HRM-Text: 超越规模的高效预训练

摘要

当前大型语言模型（LLM）的预训练范式依赖于海量计算资源和互联网规模的原始文本数据，这为基础研究设置了显著的门槛。相比之下，生物系统通过多时间尺度处理（如额顶环路的功能组织）展现出极高的样本效率。受此启发，我们提出了HRM-Text，用分层循环模型（HRM）替代标准Transformer，将计算解耦为慢速演化的策略层和快速演化的执行层。为了稳定这种用于语言建模的深度循环，我们引入了MagicNorm和预热式深度信用分配。此外，我们不再采用标准的原始文本预训练，而是仅使用指令-响应对，并基于任务完成目标和PrefixLM掩码进行训练。作为高效预训练的一个经验性存在证明，一个1B参数的HRM-Text模型从零开始，仅用400亿个独特token和1500美元预算训练，便在MMLU上达到60.7%，在ARC-C上达到81.9%，在DROP上达到82.2%，在GSM8K上达到84.5%，在MATH上达到56.2%。尽管训练token数量仅为标准基线的约1/100至1/900，估计计算量仅为1/96至1/432，HRM-Text仍能与参数规模为2-7B的开源模型竞争。
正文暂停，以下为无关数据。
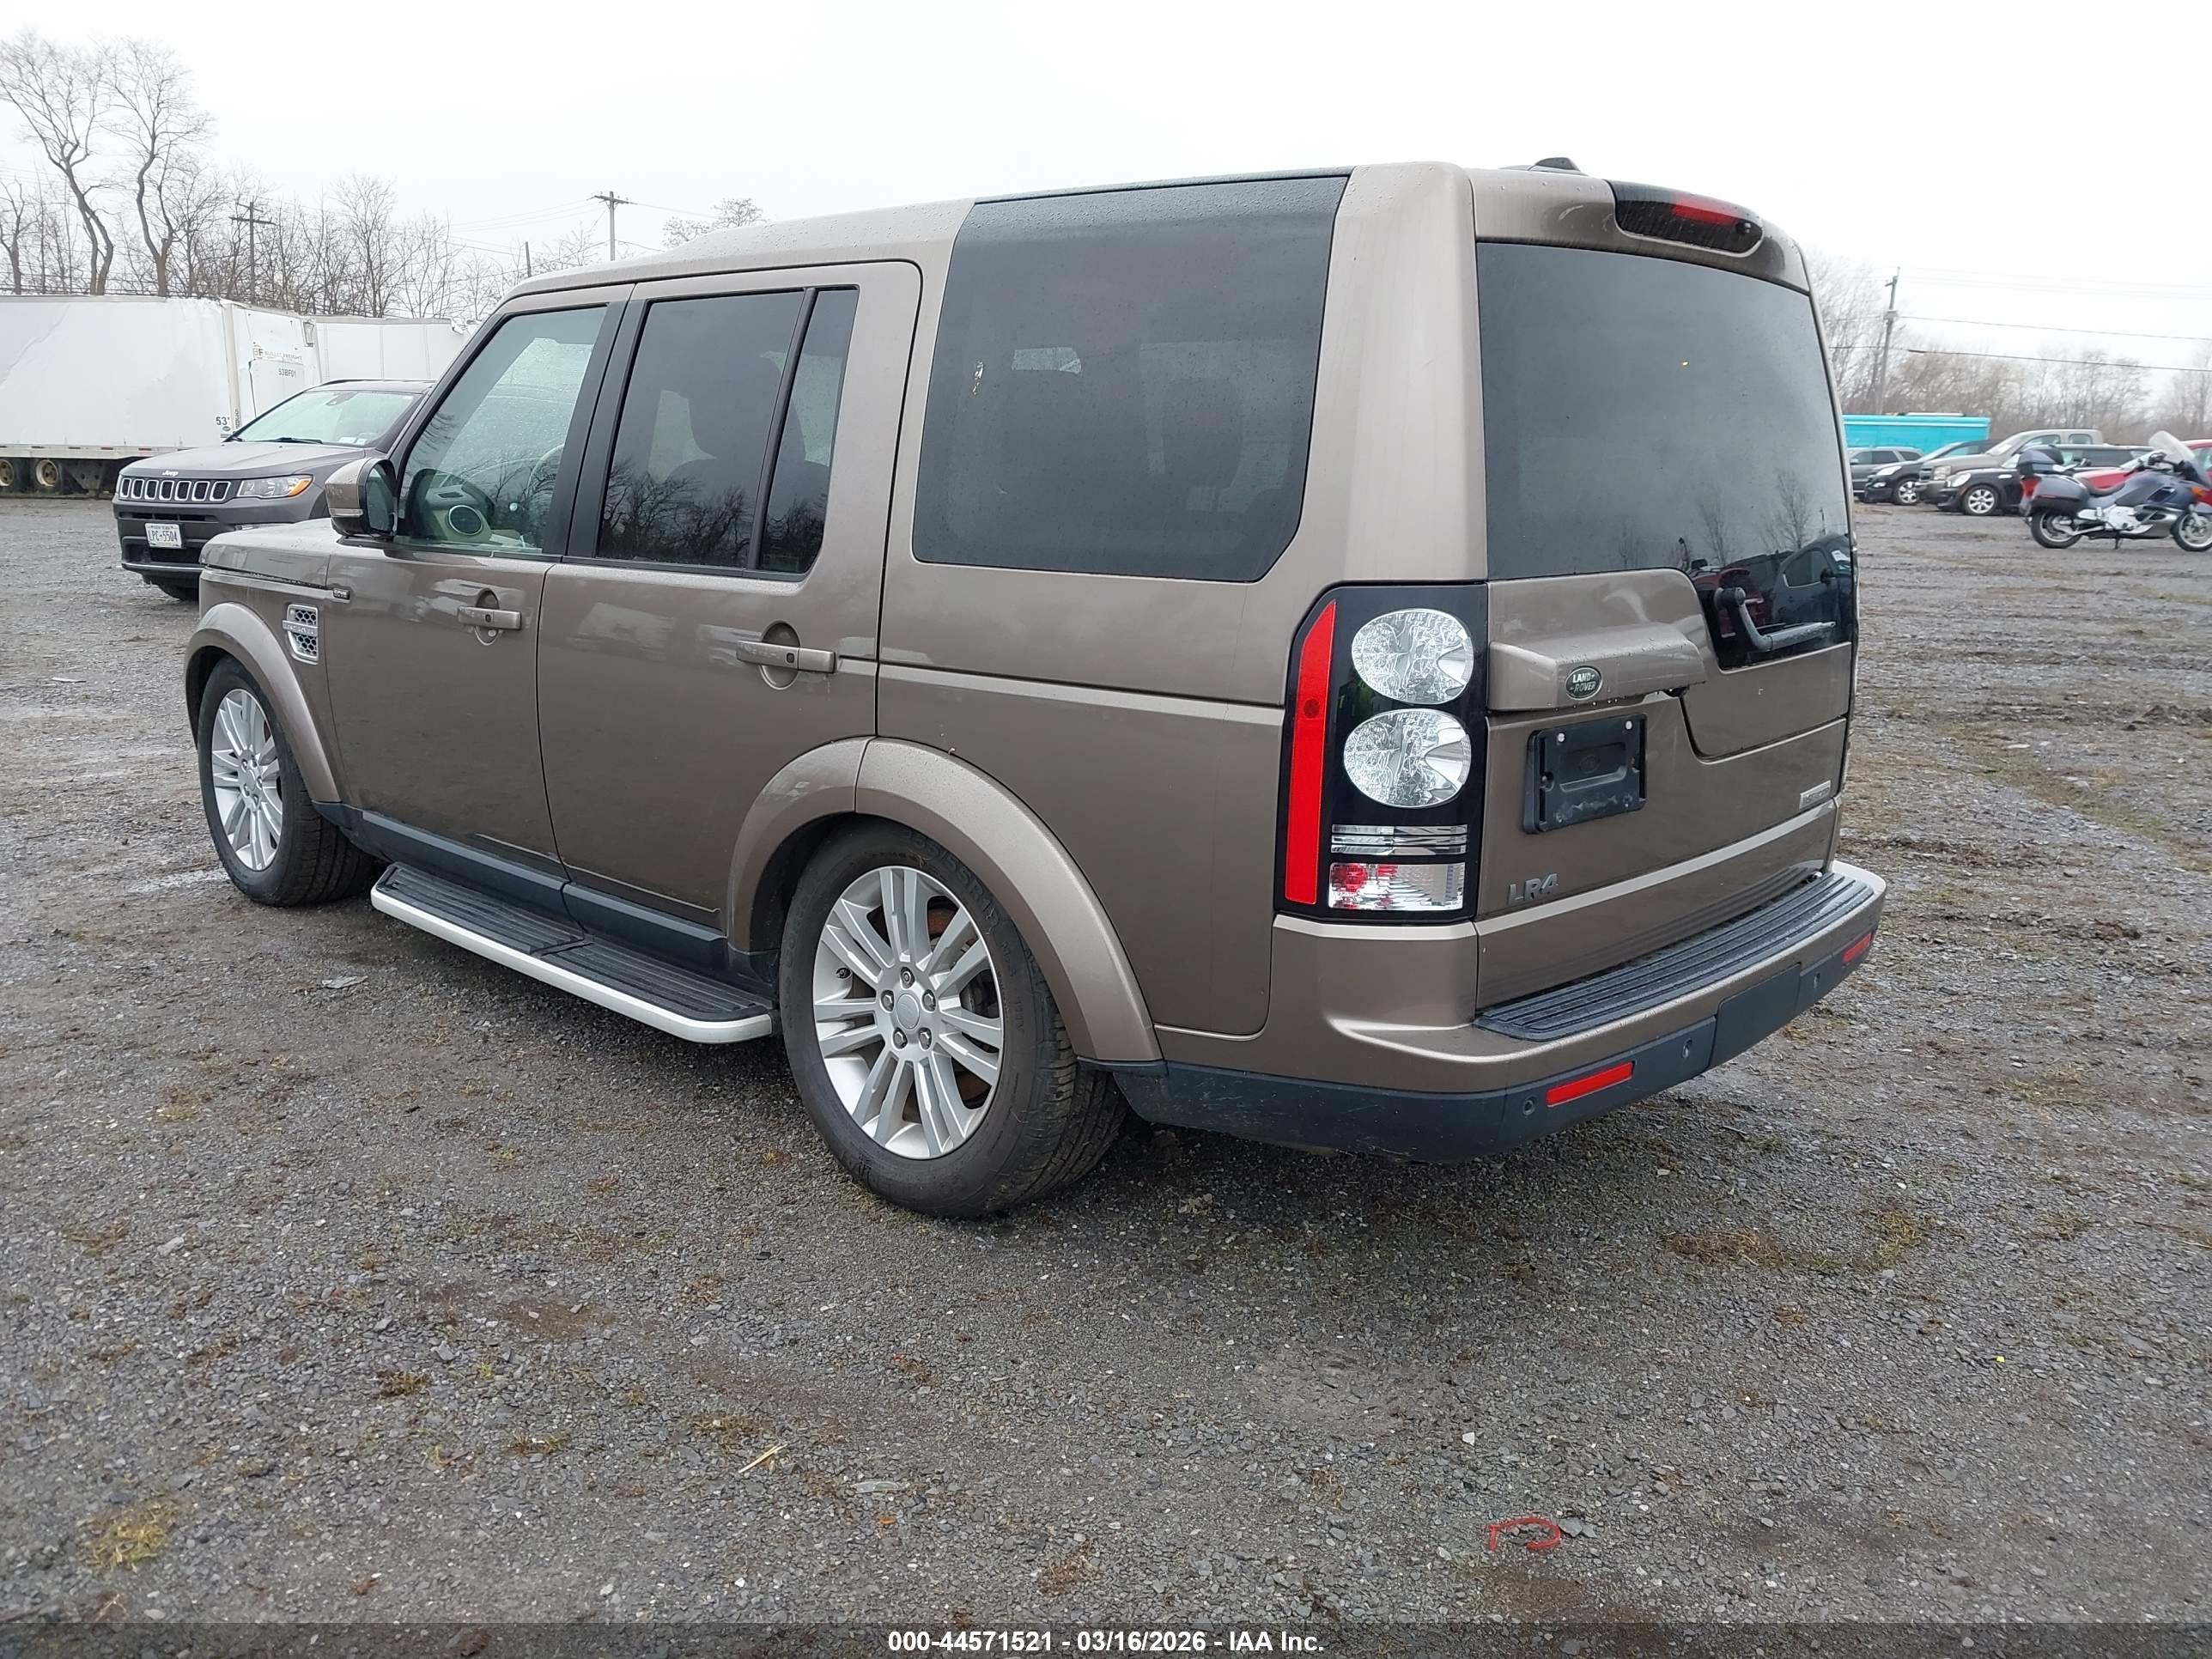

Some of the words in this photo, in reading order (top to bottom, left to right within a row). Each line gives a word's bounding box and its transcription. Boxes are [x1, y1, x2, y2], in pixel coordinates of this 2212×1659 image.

这些结果表明，协同设计架构与训练目标能够显著降低计算与性能之比，使从零开始的预训练对更广泛的研究社区成为可能。

English

The current pretraining paradigm for large language models relies on massive compute and internet-scale raw text, creating a significant barrier to foundational research. In contrast, biological systems demonstrate highly sample-efficient learning through multi-timescale processing, such as the functional organization of the frontoparietal loop. Taking this as inspiration, we introduce HRM-Text, which replaces standard Transformers with a Hierarchical Recurrent Model (HRM) that decouples computation into slow-evolving strategic and fast-evolving execution layers. To stabilize this deep recurrence for language modeling, we introduce MagicNorm and warmup deep credit assignment. Furthermore, instead of standard raw-text pretraining, we train exclusively on instruction-response pairs using a task-completion objective and PrefixLM masking. Serving as an empirical existence proof of efficient pretraining, a 1B-parameter HRM-Text model trained from scratch on only 40 billion unique tokens and $1,500 budget achieves 60.7% on MMLU, 81.9% on ARC-C, 82.2% on DROP, 84.5% on GSM8K, and 56.2% on MATH. Despite utilizing roughly 100-900x fewer training tokens and 96-432x less estimated compute than standard baselines, HRM-Text performs competitively with 2-7B parameter open models. These results demonstrate that co-designing architectures and objectives can radically reduce the compute-to-performance ratio, making pretraining from scratch accessible to the broader research community.